Under the cover of all the commotion, I quietly climbed out of the cart and crept forward toward my fallen comrades. There was very little blood. I guess that’s what you call a “clean kill.” I couldn’t feel my hands or my feet. Everything went cold and hot at the same time. My whole body buzzed.
I stared at Charlie and Bob on the ground. Their eyes had lost their soulful gaze, but still seemed to hold mine. I felt so ashamed. Just that morning I had petted those nostrils now leaking purple blood. I had to wonder what God was thinking as he gazed down on us.
As it turns out, when the buffalo plan was hatched, the “big idea” wasn’t just about seeing what the heartland looked like 125 years ago. It was also about eating what they had for dinner back then. And it wasn’t beef.
Two days later we rode in the parade in the cart behind Petty in our old-time dresses and bonnets. We were still enjoying celebrity status, but to me, it was tainted with Charlie’s and Bob’s blood.
After the parade, we went down to the Lake Park, where the festival was in full swing. Huge billows of smoke came from a long open-pit grill. A crew of men had come all the way from Chicago to barbeque the buffalo meat. I kept my distance from them, from my parents, and from what was left of Charlie and Bob. I waved off the buffalo burger on offer, lying that I was full on potato chips. I wasn’t sure who I could trust anymore, including myself. Couldn’t I have done something to save them? After all, I wasn’t a baby. I was six.
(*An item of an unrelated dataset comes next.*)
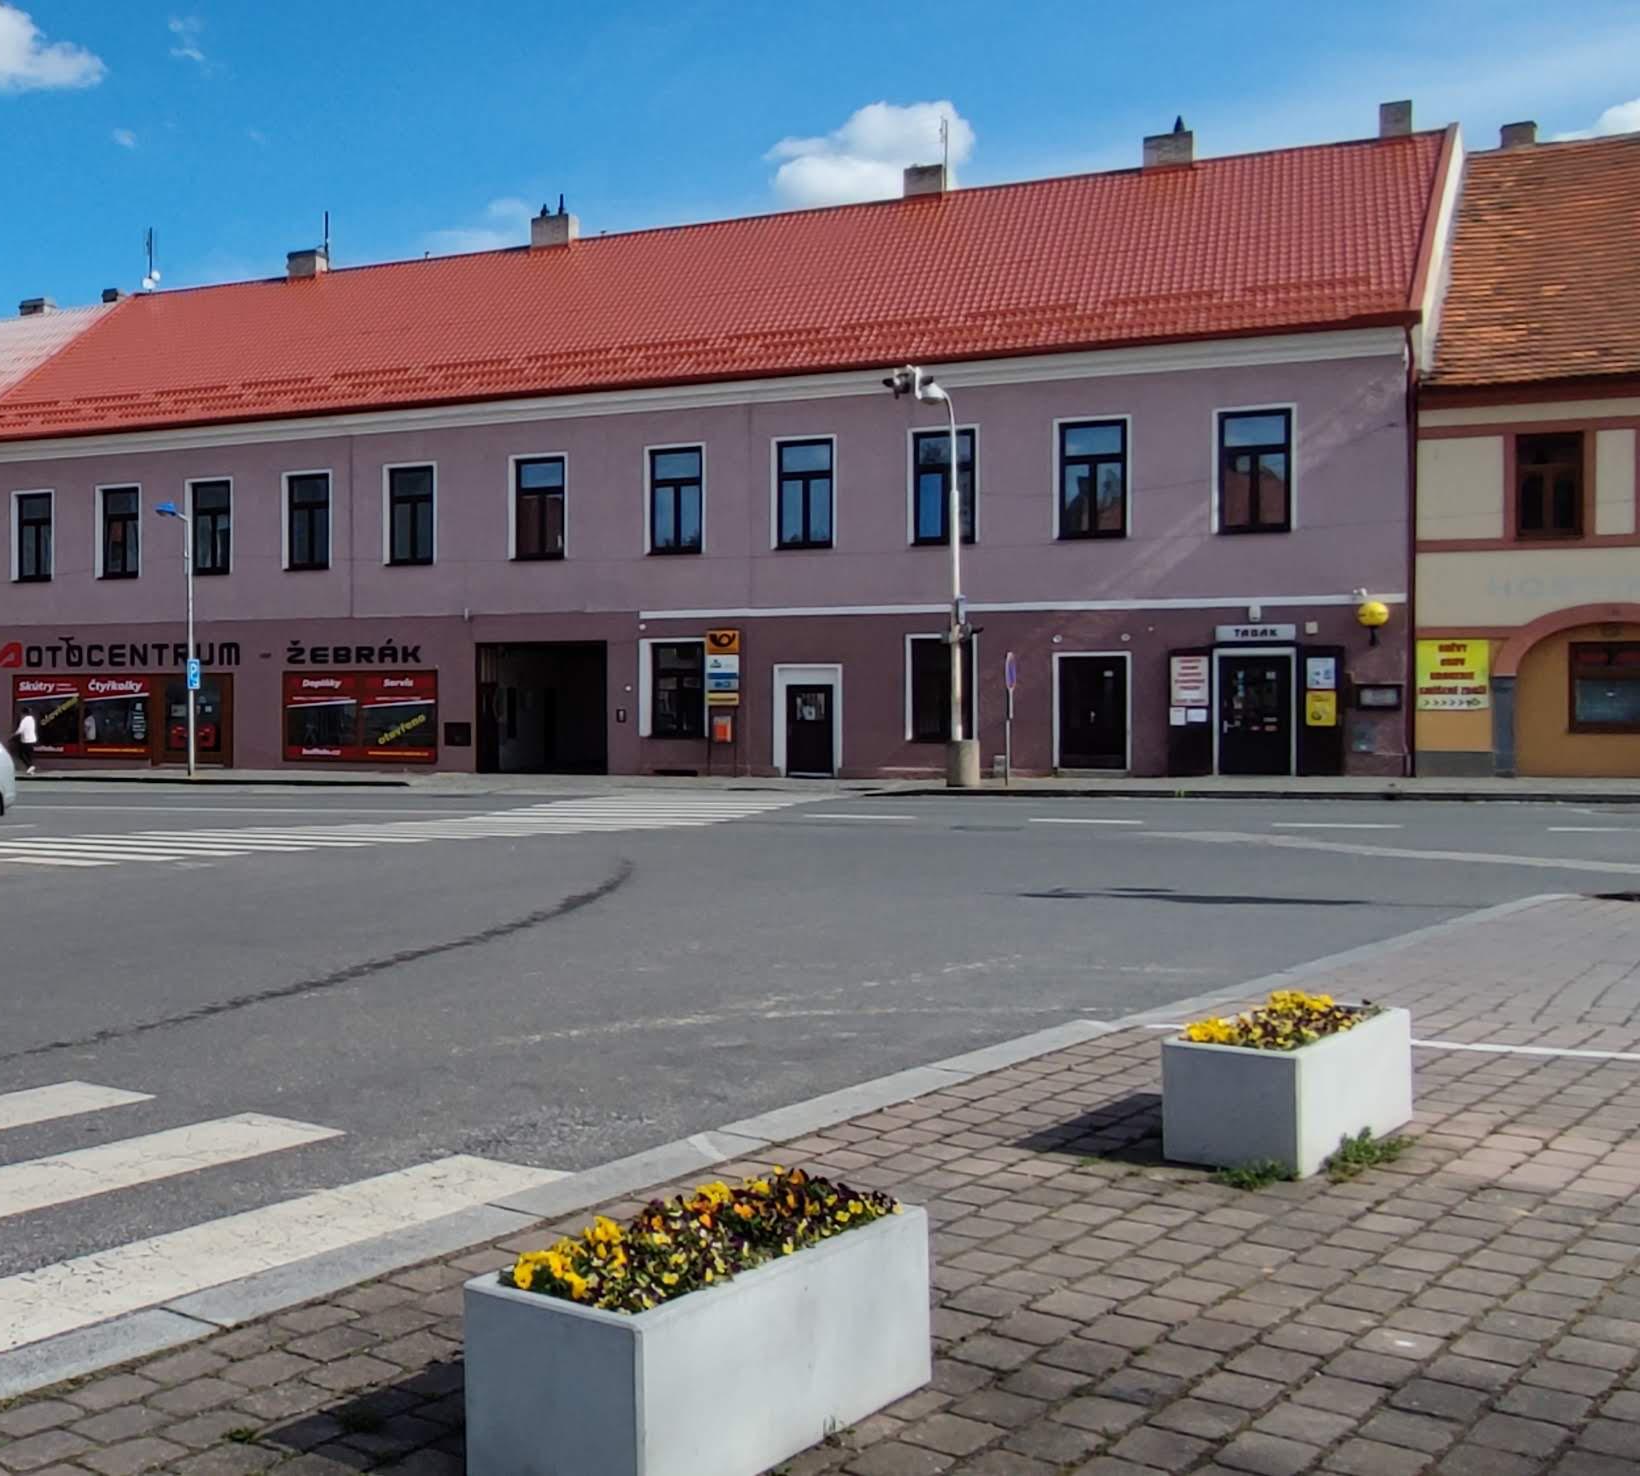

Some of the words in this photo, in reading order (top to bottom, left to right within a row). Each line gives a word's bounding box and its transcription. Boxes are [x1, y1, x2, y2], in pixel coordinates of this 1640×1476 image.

Farm life was full of examples of life-and-death consequences. Our cats caught mice and ate them. We got our eggs from the chicken coop and had baked chicken from the same coop sometimes on Sundays. We never killed the sheep, just sheared them twice a year for their wool, though sometimes a lamb would fail to thrive. But I had never bonded with a mouse or a chicken or even a lamb the way I did with Bob and Charlie.
Later in school we would learn about the food chain and survival of the fittest. We’d learn that great herds once roamed these lands and Native Americans even killed a few of them for food, clothing and even shelter. I guess it’s easier to kill someone you don’t know. Years later, I’d read an article that explained how trees communicate with each other and even share nutrition. Another article claimed even plants faint before they are harvested, so I’m not sure where the line is.
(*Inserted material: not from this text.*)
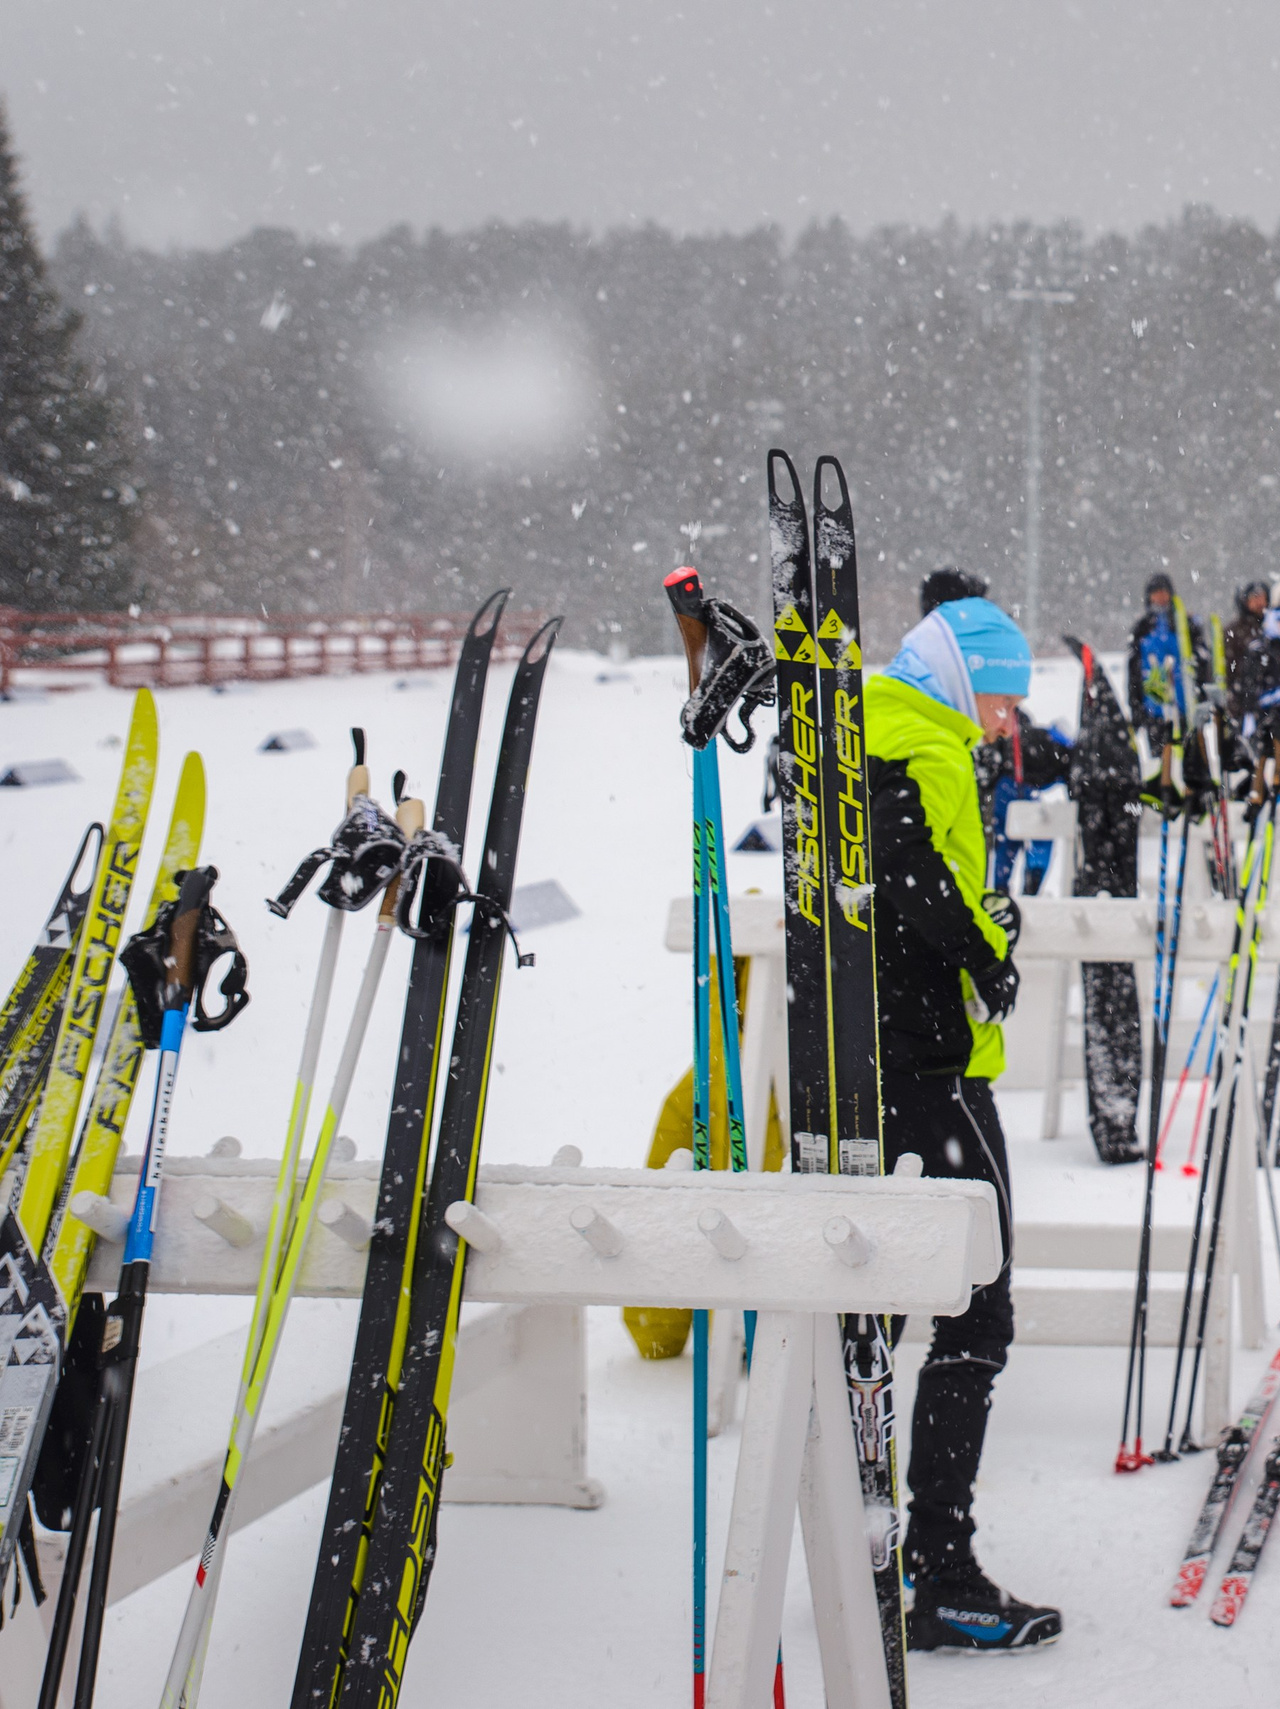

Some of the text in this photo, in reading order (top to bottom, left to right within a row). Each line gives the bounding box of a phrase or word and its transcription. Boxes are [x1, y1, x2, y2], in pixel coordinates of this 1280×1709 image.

[829, 619, 838, 633] 3
[791, 681, 821, 926] FISCHER
[57, 841, 140, 1080] FISCHER
[152, 1071, 175, 1180] hallenbarter
I have seen only a few more live buffalo in all these years since that day, a few times at zoos and once on a game preserve. I still think they are some of God’s most majestic creatures. Their big brown eyes still look like they can see right into my soul. I’ve seen buffalo burgers on menus on occasion, but that is still a hard pass for me.
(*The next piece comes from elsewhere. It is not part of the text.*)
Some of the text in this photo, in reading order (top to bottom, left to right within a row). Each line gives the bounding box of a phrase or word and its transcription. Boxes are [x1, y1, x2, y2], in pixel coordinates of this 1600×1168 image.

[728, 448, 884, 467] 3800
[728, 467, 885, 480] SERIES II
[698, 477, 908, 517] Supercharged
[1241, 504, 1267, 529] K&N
Janie Gabbett is a journalist who spent the bulk of her career working for the international news agency Reuters in Washington, D.C., Los Angeles, Hong Kong and Chicago. Now she processes life by writing about it. Her essays have been published in Faith, Hope and Fiction, McSweeney’s and the Christian Science Monitor. When not writing, she is either working in her art studio or creating pillow forts and dinosaur menageries with her grandsons.